Figure 5. The probability of the Delay Using Logistic Regression.

Task-2: Naïve Bayesian Model for Predicting Delays and Ontime Flights

The purpose of this task is to use the Naïve Bayesian model for predicting a categorical response from most categorical predictor variables. The Dataset consists of 2201 flights in 2004 from Washington, DC into NYC. The characteristic of the response is whether or not a flight has been delayed by more than 15 minutes (0=no delay, 1=delay).
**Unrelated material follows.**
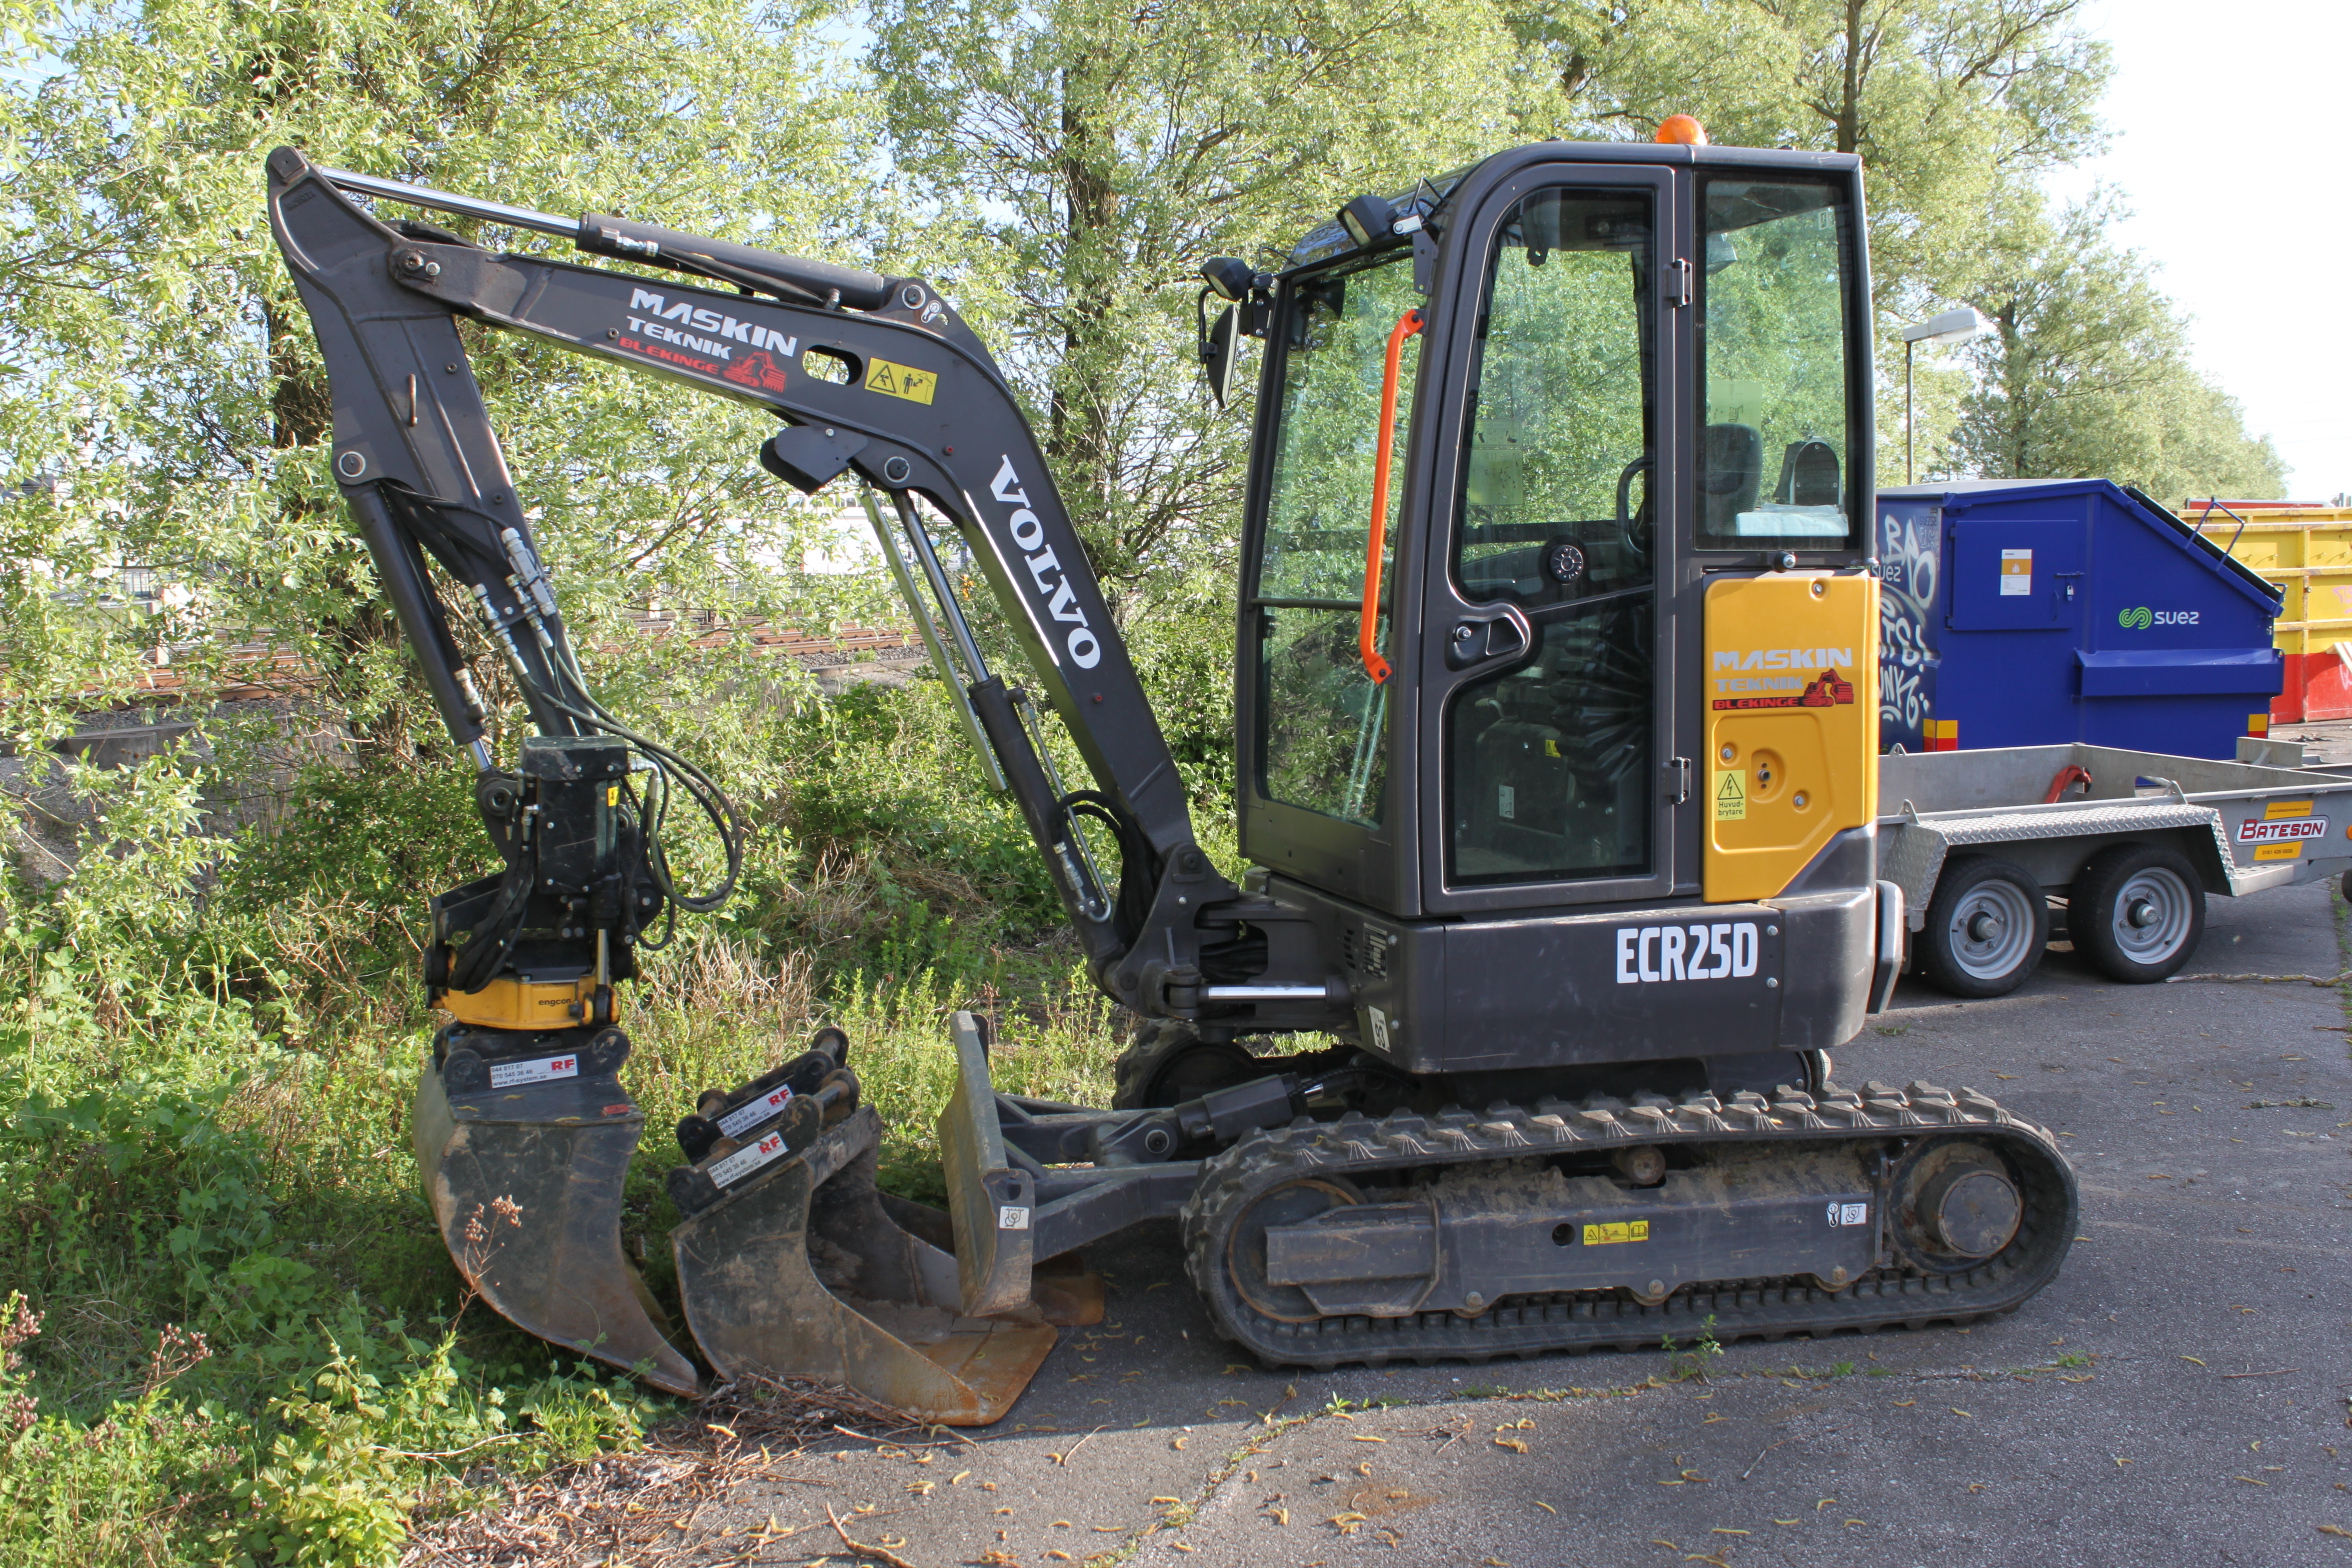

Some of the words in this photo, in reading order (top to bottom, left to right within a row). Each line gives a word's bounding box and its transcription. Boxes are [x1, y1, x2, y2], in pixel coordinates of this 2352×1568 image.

The explanatory variables include the following:

Three arrival airports (Kennedy, Newark, and LaGuardia).
Three different departure airports (Reagan, Dulles, and Baltimore.
Eight carriers.
A categorical variable for 16 different hours of departure (6:00 AM to 10:00 PM).
Weather conditions (0=good, 1=bad).
Day of week (7 days with Monday=1, …, Sunday=7).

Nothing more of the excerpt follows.